─── THE DATA

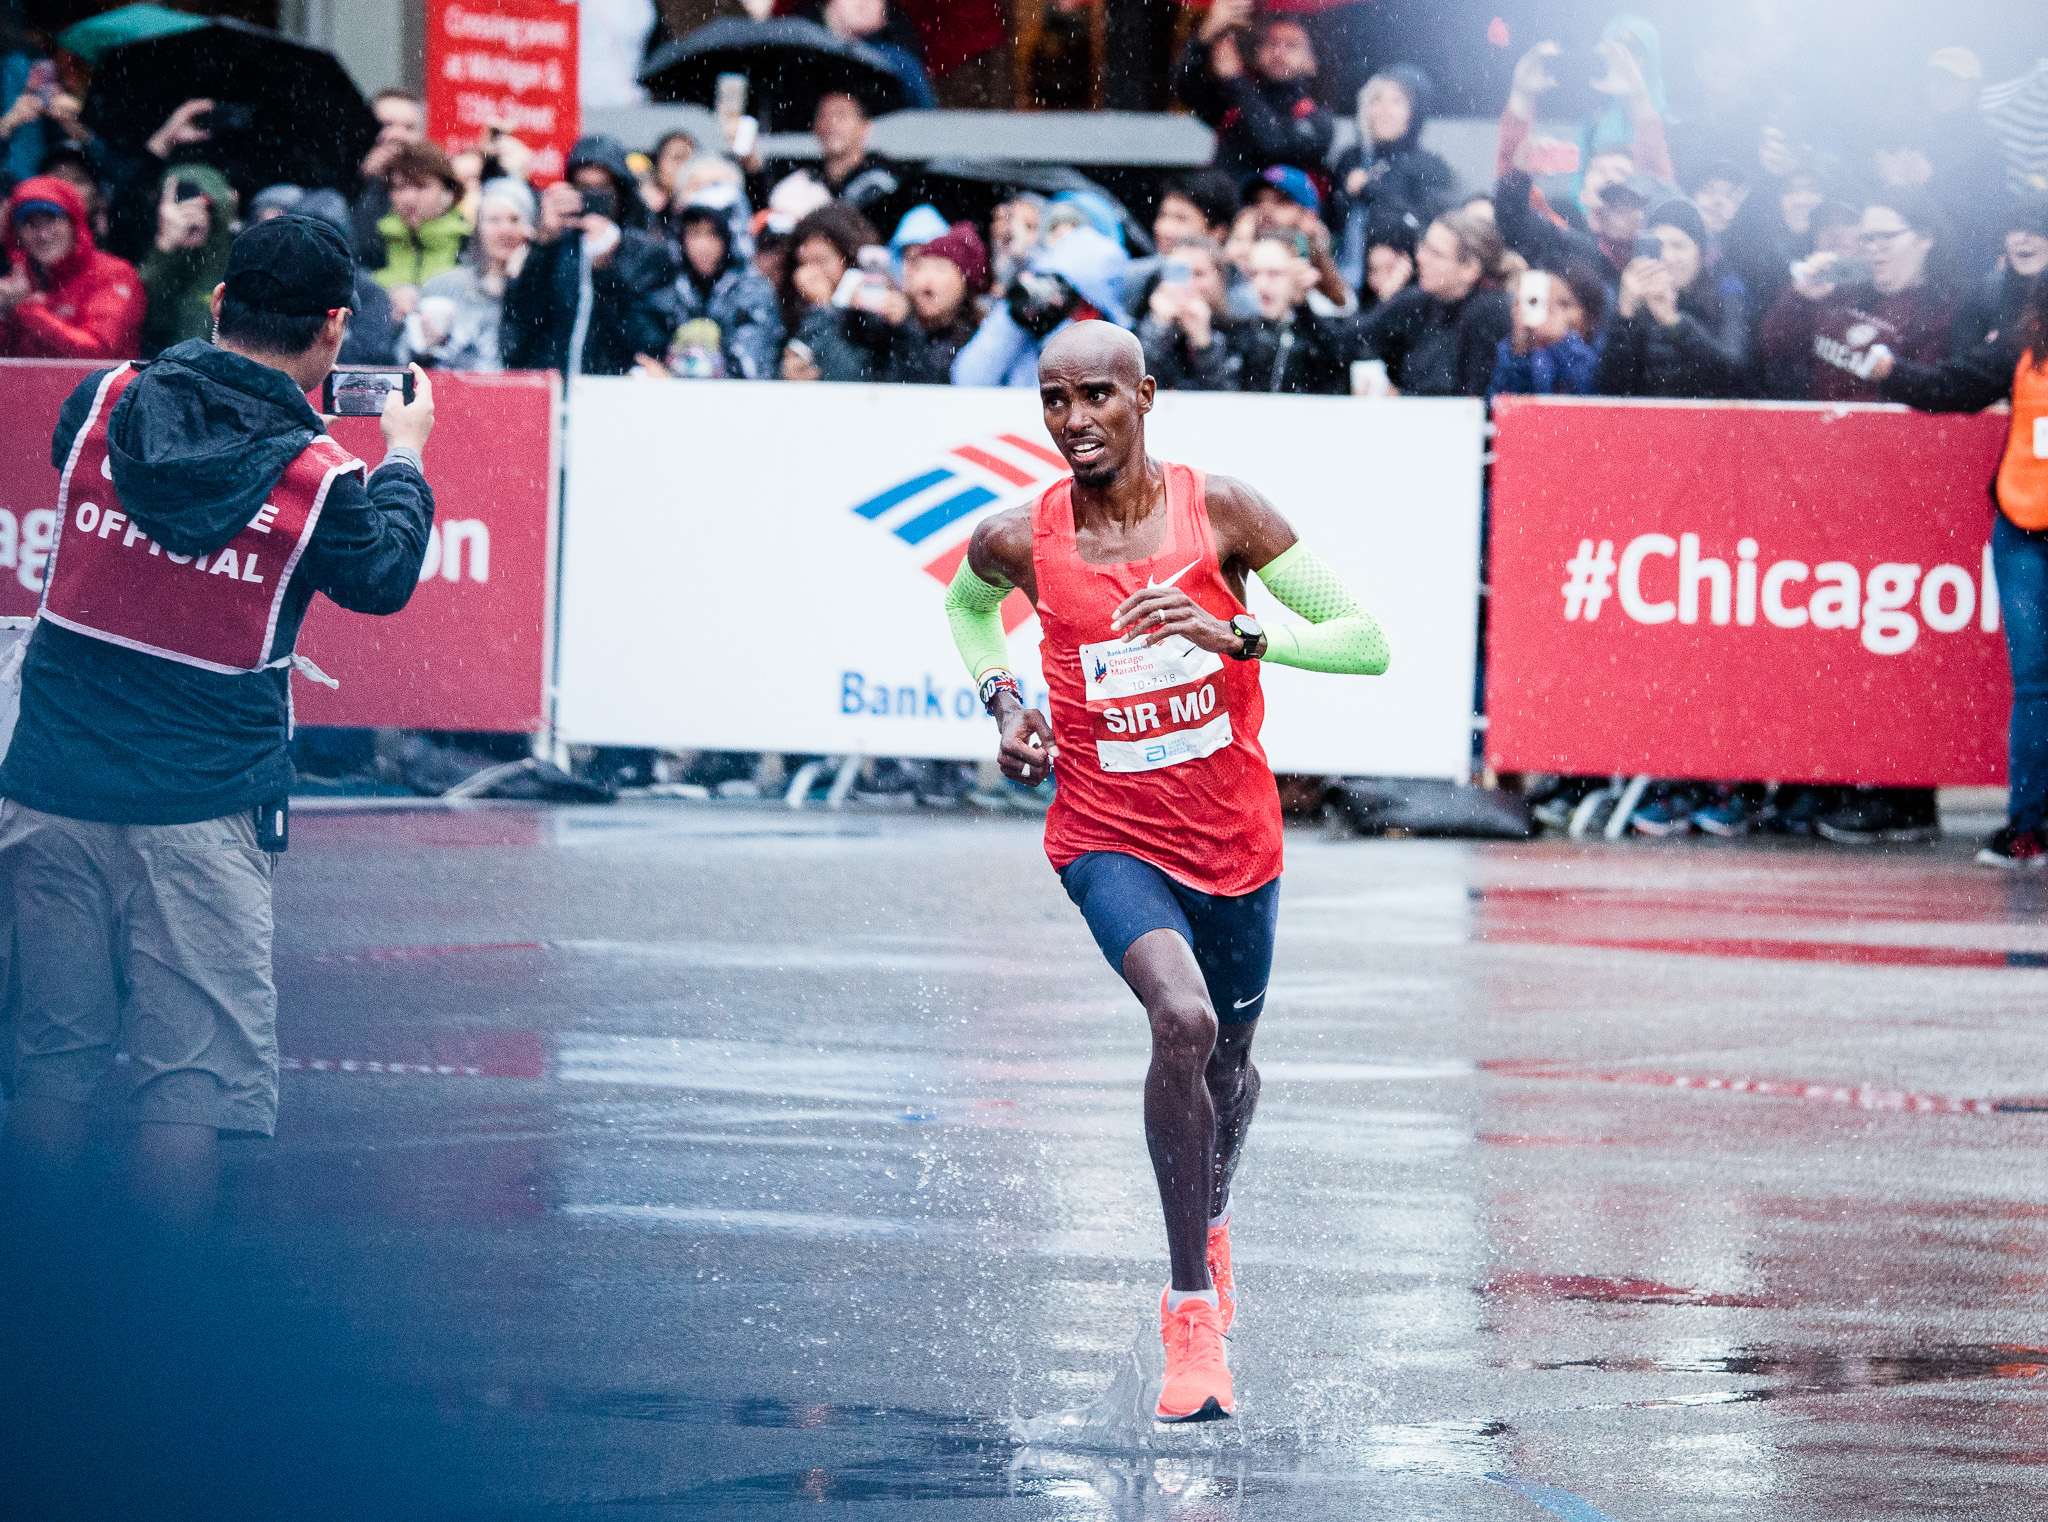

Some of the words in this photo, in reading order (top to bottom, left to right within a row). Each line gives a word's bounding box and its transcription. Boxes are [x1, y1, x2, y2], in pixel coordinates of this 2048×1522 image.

[1561, 531, 2000, 655] #Chicago
[1109, 655, 1144, 667] Chicago
[1110, 662, 1154, 676] Marathon
[841, 671, 944, 718] Bank
[1102, 702, 1161, 734] SIR
[1168, 683, 1216, 724] MO

──────

- _ASSIGNED TASK_
Could the lines above be copied out exactly, with no image carried over?

- _YOUR RESPONSE_
Some of the words in this photo, in reading order (top to bottom, left to right within a row). Each line gives a word's bounding box and its transcription. Boxes are [x1, y1, x2, y2], in pixel coordinates of this 2048×1522 image.

[1561, 531, 2000, 655] #Chicago
[1109, 655, 1144, 667] Chicago
[1110, 662, 1154, 676] Marathon
[841, 671, 944, 718] Bank
[1102, 702, 1161, 734] SIR
[1168, 683, 1216, 724] MO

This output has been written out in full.